*** Opening Information shown ***

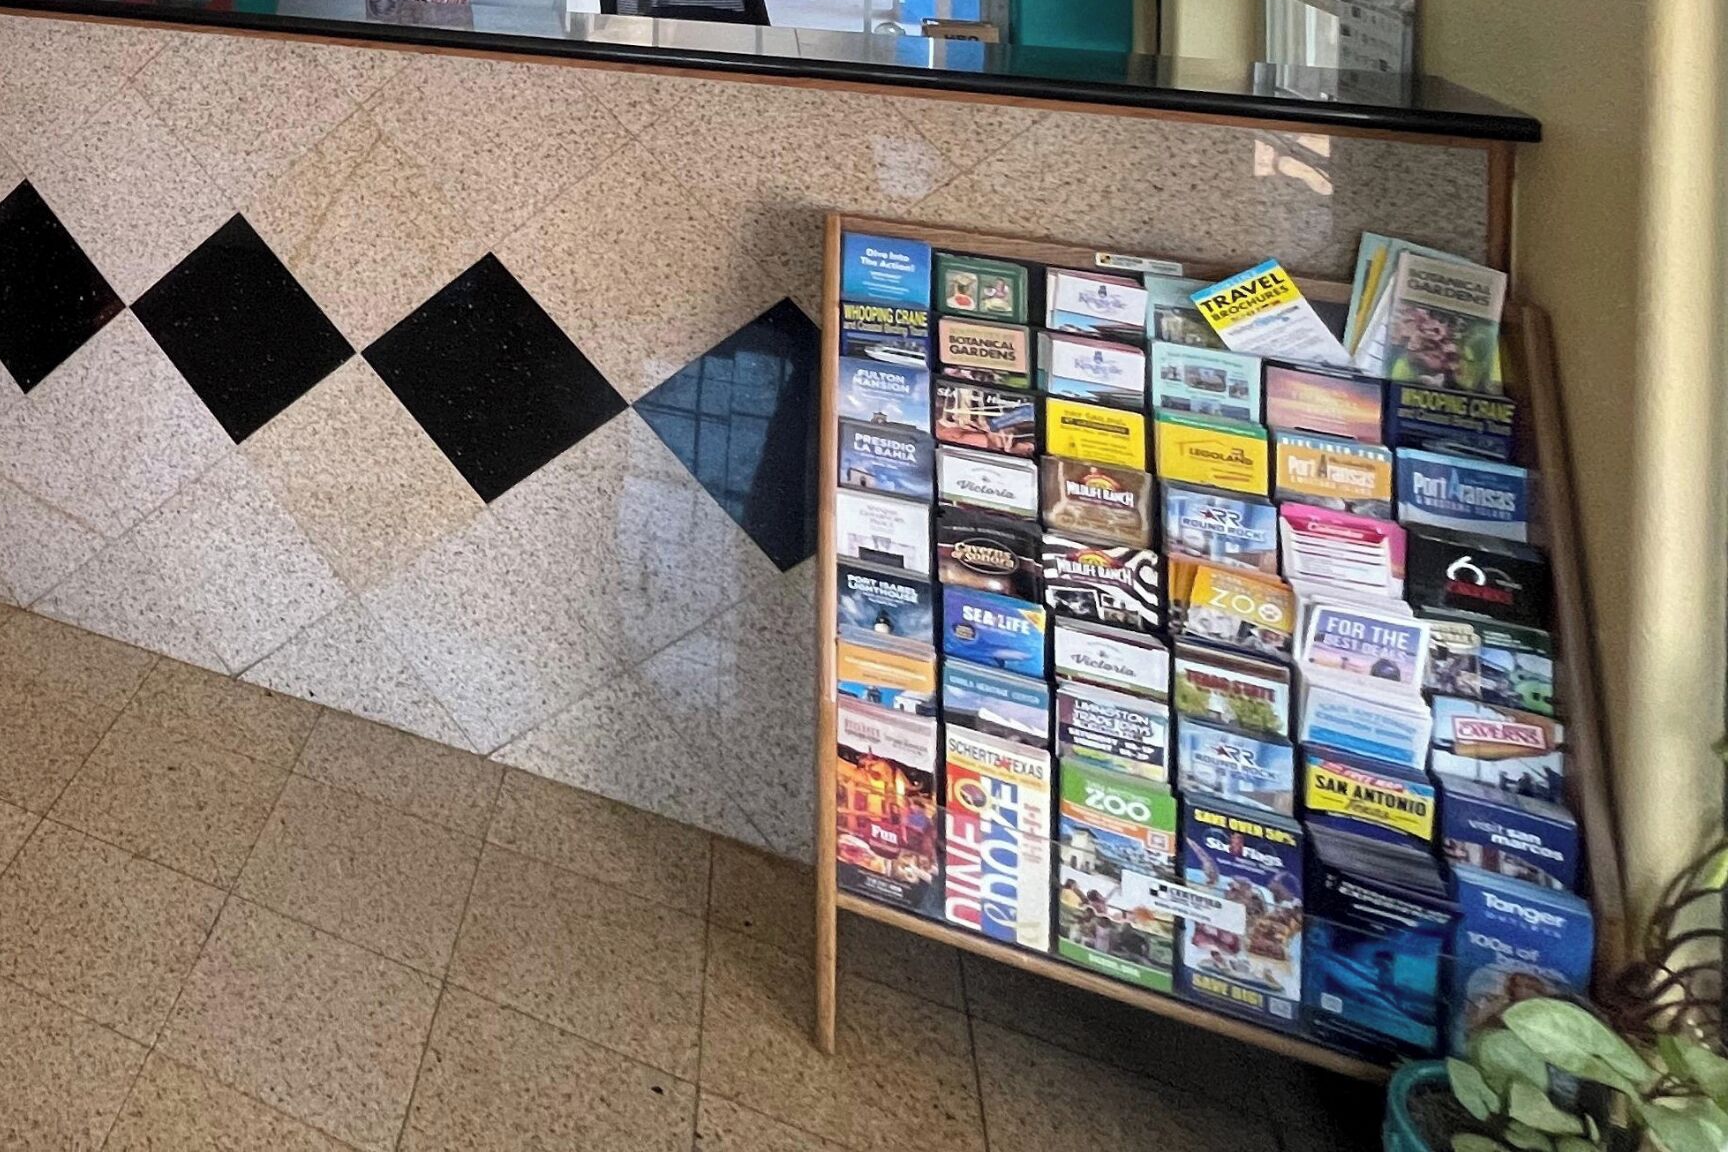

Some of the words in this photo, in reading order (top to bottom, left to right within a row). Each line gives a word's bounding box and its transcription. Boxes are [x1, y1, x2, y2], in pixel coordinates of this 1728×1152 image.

[1199, 271, 1286, 314] TRAVEL
[1211, 284, 1290, 322] BROCHURES
[843, 303, 894, 325] WHOOPING
[895, 309, 928, 328] CRANE
[949, 335, 1014, 351] BOTANICAL
[949, 344, 1017, 362] GARDENS
[852, 376, 910, 394] MANSION
[856, 368, 905, 385] FULTON
[853, 440, 872, 454] LA
[874, 445, 917, 464] BAHIA
[854, 431, 917, 454] PRESIDIO
[1188, 447, 1254, 467] LEGOLAND
[955, 478, 1016, 500] Victoria
[1181, 517, 1225, 533] ROUND
[1226, 526, 1263, 540] ROCK
[962, 605, 996, 625] SEA
[996, 613, 1032, 636] LIFE
[1326, 615, 1366, 640] FOR
[1367, 625, 1411, 650] THE
[1322, 632, 1360, 652] BEST
[1360, 640, 1409, 662] DEALS
[1070, 652, 1137, 678] Victoria
[1457, 721, 1542, 746] CAVERNS
[1004, 758, 1044, 781] TEXAS
[1083, 787, 1152, 822] ZOO
[1314, 774, 1349, 797] SAN
[1353, 784, 1427, 818] ANTONIO
[871, 824, 899, 846] Fun
[1193, 808, 1227, 827] SAVE
[1229, 816, 1263, 837] OVER
[1490, 833, 1566, 863] marcos
[1504, 827, 1543, 846] san
[945, 813, 983, 931] DINE
[1481, 890, 1569, 929] Tanger
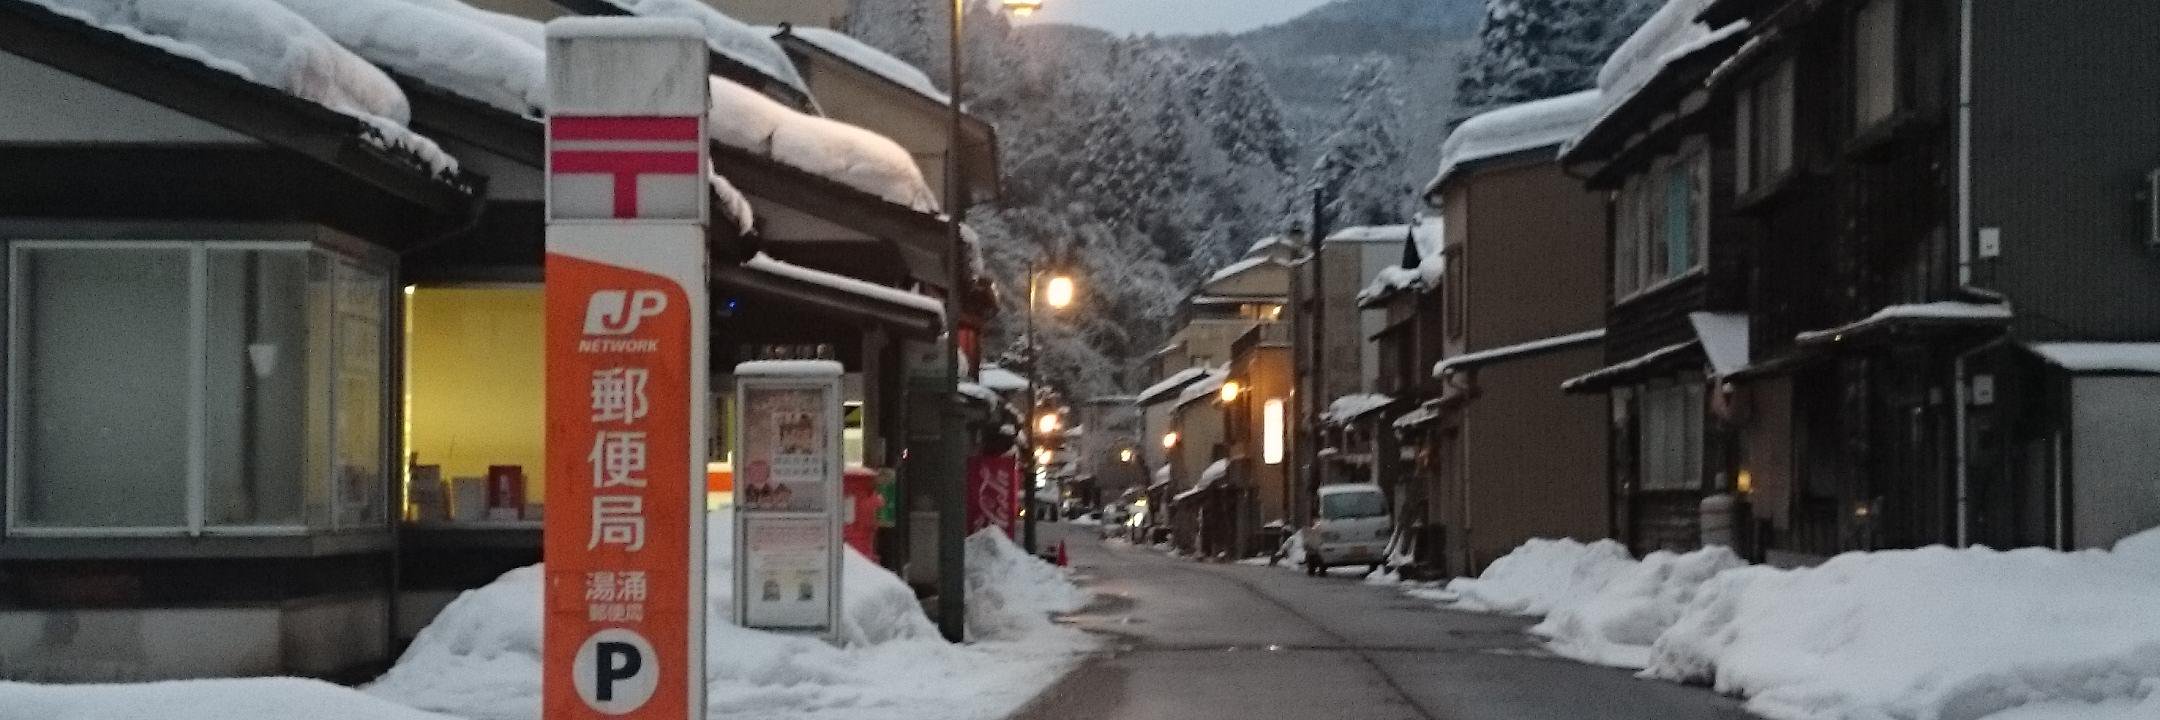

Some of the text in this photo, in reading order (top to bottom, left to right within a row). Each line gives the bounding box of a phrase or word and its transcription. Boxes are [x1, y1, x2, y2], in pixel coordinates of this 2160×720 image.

[583, 289, 668, 335] JP
[579, 340, 660, 352] NETWORK
[587, 367, 649, 552] 郵便局
[585, 570, 647, 601] 湯涌
[596, 642, 641, 701] P
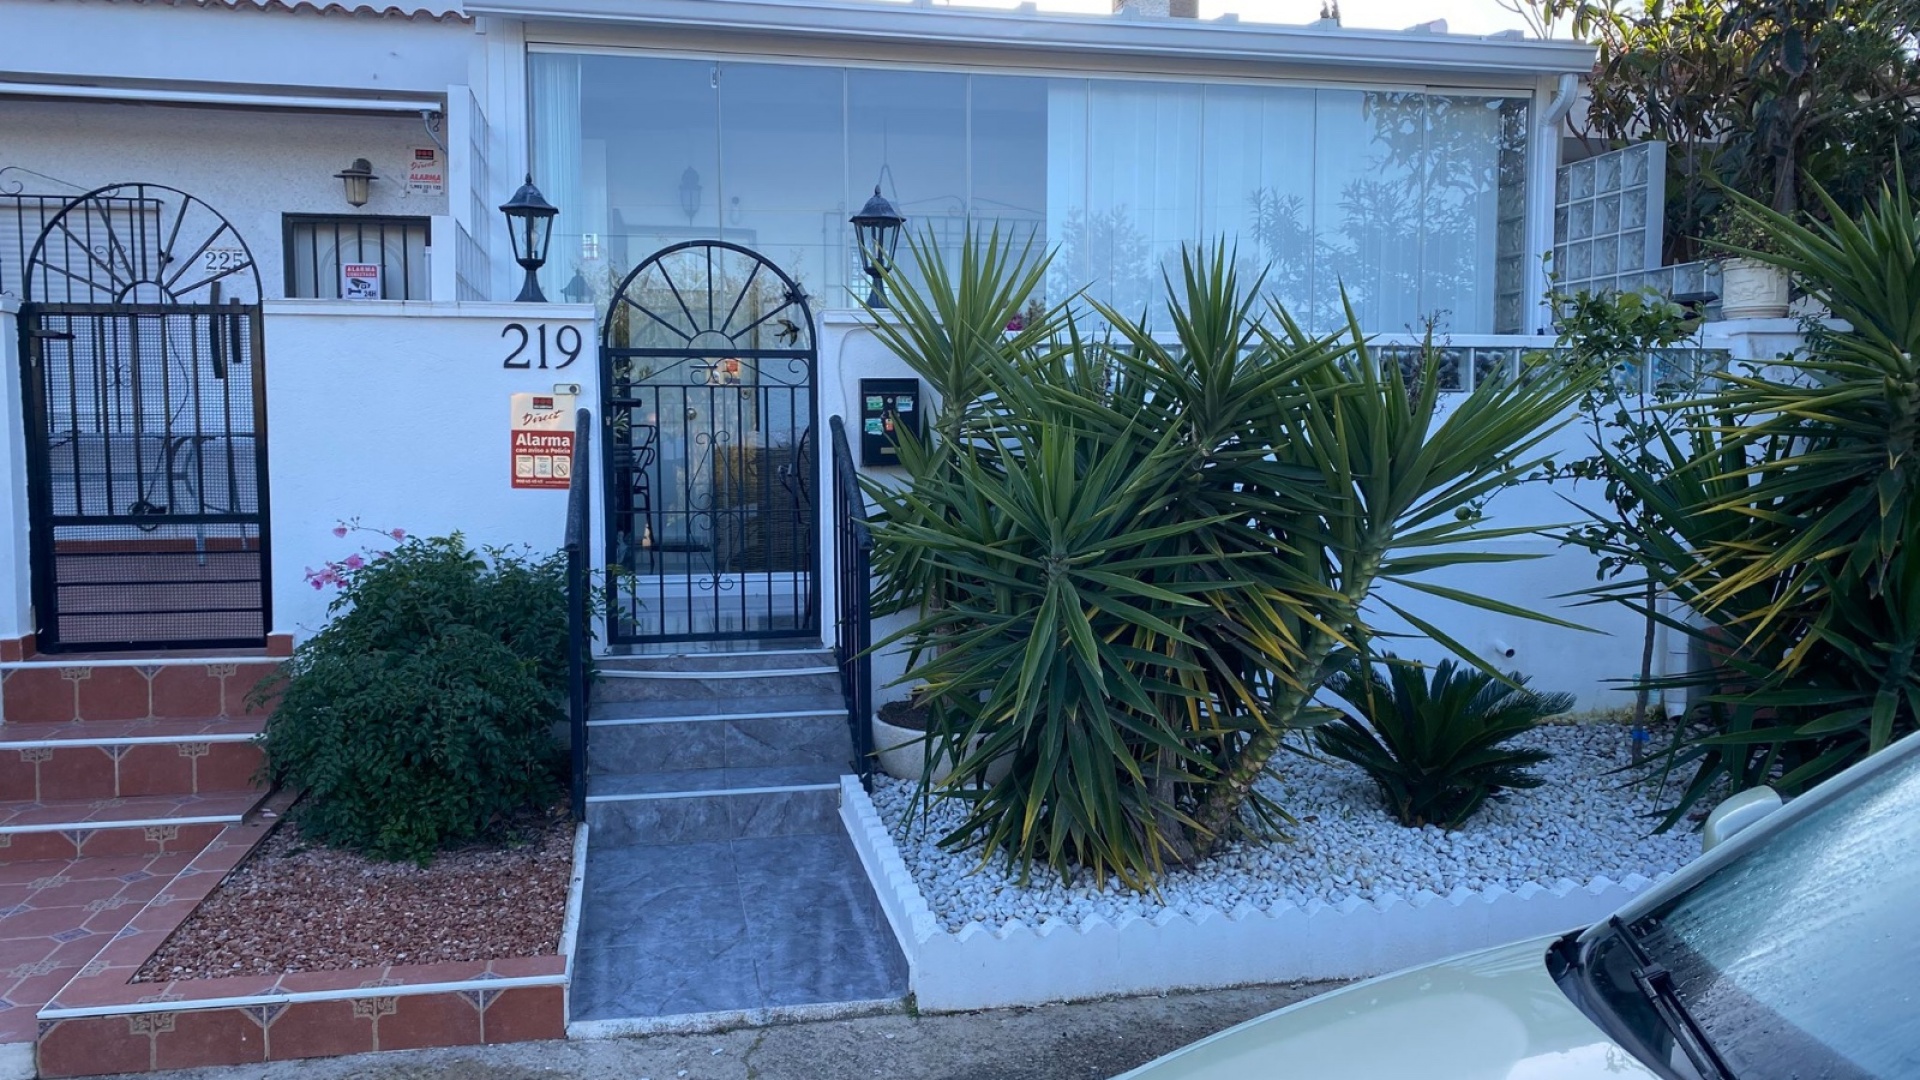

*** Closing Information shown ***

### [About this exercise]
Images stay out; everything else in the records must be given again exactly.

### [Task output]
Some of the words in this photo, in reading order (top to bottom, left to right within a row). Each line gives a word's bounding box and its transcription. Boxes are [x1, y1, x2, y2], in pixel coordinates of this 1728×1152 image.

[1199, 271, 1286, 314] TRAVEL
[1211, 284, 1290, 322] BROCHURES
[843, 303, 894, 325] WHOOPING
[895, 309, 928, 328] CRANE
[949, 335, 1014, 351] BOTANICAL
[949, 344, 1017, 362] GARDENS
[852, 376, 910, 394] MANSION
[856, 368, 905, 385] FULTON
[853, 440, 872, 454] LA
[874, 445, 917, 464] BAHIA
[854, 431, 917, 454] PRESIDIO
[1188, 447, 1254, 467] LEGOLAND
[955, 478, 1016, 500] Victoria
[1181, 517, 1225, 533] ROUND
[1226, 526, 1263, 540] ROCK
[962, 605, 996, 625] SEA
[996, 613, 1032, 636] LIFE
[1326, 615, 1366, 640] FOR
[1367, 625, 1411, 650] THE
[1322, 632, 1360, 652] BEST
[1360, 640, 1409, 662] DEALS
[1070, 652, 1137, 678] Victoria
[1457, 721, 1542, 746] CAVERNS
[1004, 758, 1044, 781] TEXAS
[1083, 787, 1152, 822] ZOO
[1314, 774, 1349, 797] SAN
[1353, 784, 1427, 818] ANTONIO
[871, 824, 899, 846] Fun
[1193, 808, 1227, 827] SAVE
[1229, 816, 1263, 837] OVER
[1490, 833, 1566, 863] marcos
[1504, 827, 1543, 846] san
[945, 813, 983, 931] DINE
[1481, 890, 1569, 929] Tanger

Some of the text in this photo, in reading order (top to bottom, left to right within a row). Each line gives the bounding box of a phrase or word and its transcription. Boxes are [x1, y1, x2, y2], in pixel coordinates of this 2160×720 image.

[583, 289, 668, 335] JP
[579, 340, 660, 352] NETWORK
[587, 367, 649, 552] 郵便局
[585, 570, 647, 601] 湯涌
[596, 642, 641, 701] P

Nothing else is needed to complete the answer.